The greatest achievement of Kesavadas was his defence of Travancore against Tippu Sultan. When Kesavadas came to power, Tipu was threatening at the gates of Travancore. He bought the Kranganur and Ayakotta forts from the Dutch. He repaired the fort at other places and strengthened the army with well-trained soldiers; In negotiations with the English at Madras, he secured two of the company's troops and stationed them at the fort. He succeeded in the fight against Tipu and expelled him from the borders of Travancore and even his retreat did not give him peace of mind. He followed Tipu until the soldiers travelled a long distance and took heavy lives.

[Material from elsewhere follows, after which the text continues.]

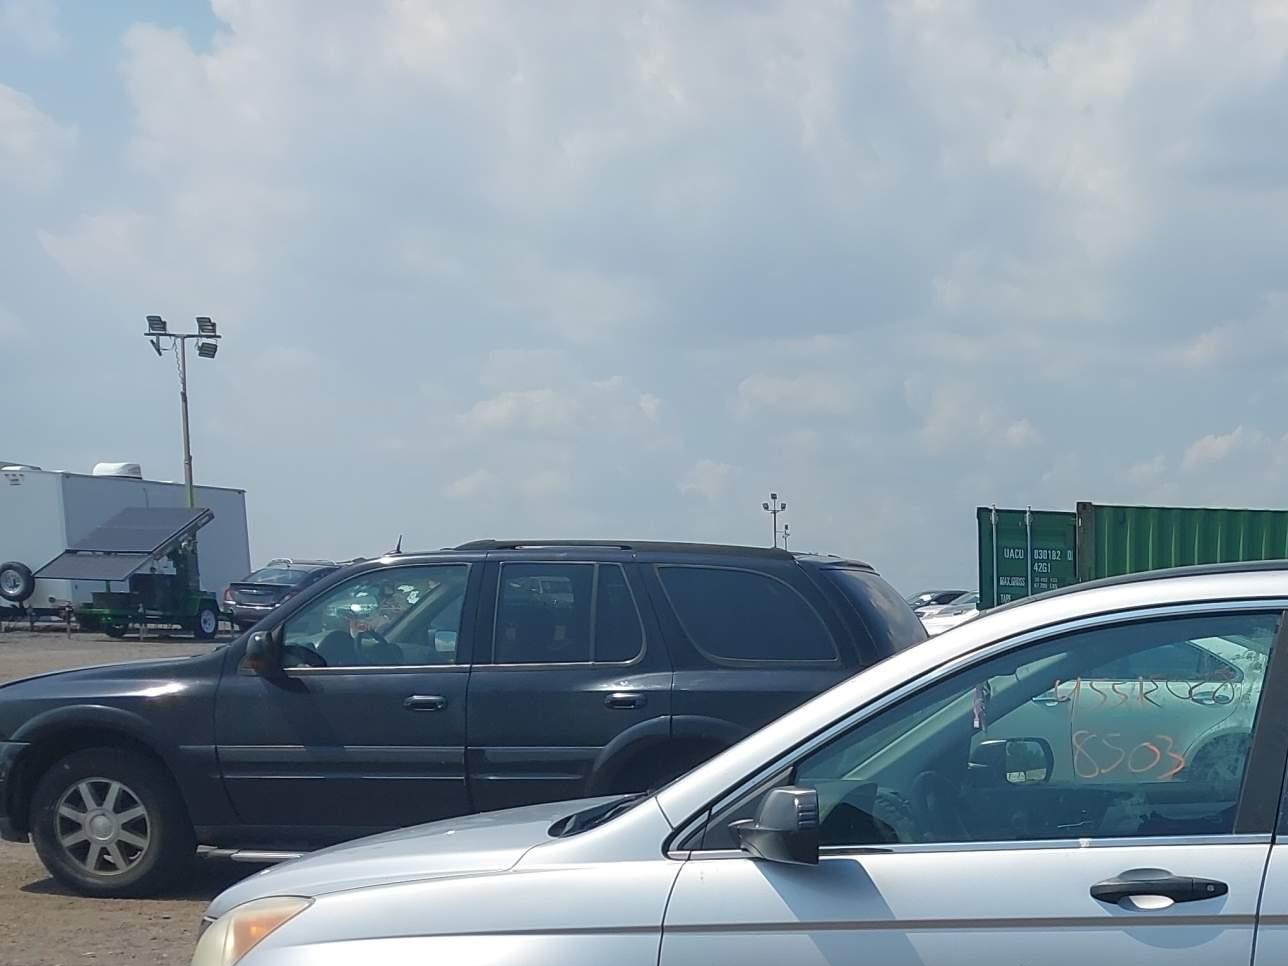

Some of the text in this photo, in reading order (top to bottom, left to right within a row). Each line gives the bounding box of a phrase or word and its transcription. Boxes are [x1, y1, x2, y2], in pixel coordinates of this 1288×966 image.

- Agricultural and Industrial Reforms
Raja Kesava Das took steps to develop Agriculture and related industries. Irrigation was prepared and fresh lands were brought. agriculturists were helped financially with loans and remission of taxes. Thiruvananthapuram city was modernized and beautified. Roads were widened and the fort was repaired.
- Revenue reforms
Gold coins such as Anantharayen fanam, Chinna fanam and Ananthavarahen were coined in the Travancore mint. A new contribution called Nilavary, upon Sircar pattam lands was raised which yielded a good round sum of money. For proper administration of the State, the Chattavariola (collection of rules and laws) were framed. Dewan succeeded in clearing away the greater part of the State-debt incurred in consequence of many wars and other emergencies.

==Later years==
His tenure of Diwanship ended with the demise of Dharma Raja Karthika Thirunal in 1798. Balarama Varma, his successor aged sixteen became the crown prince who was too young in the hands of Jayanthan Sankaran Nampoothiri. Raja Kesavadas was proclaimed as a traitor and kept under house arrest which helped Jayanthan Sankaran Nampoothiri to usurp the post of Diwan. Later his family assets were confiscated and were poisoned to death on 21 April 1799.

==Memorials==
- A swimming pool in Alappuzha was built in 1997 in Raja Kesavadas's name.
- Raja Kesavadas N. S. S. Higher Secondary School in Sasthamangalam Thiruvananthapuram.
- His statue has been erected in Allepey- Changanassery road.
- Memorial Park in Allepey.
- A town at the start of M. C. Road is named Kesavadasapuram after him.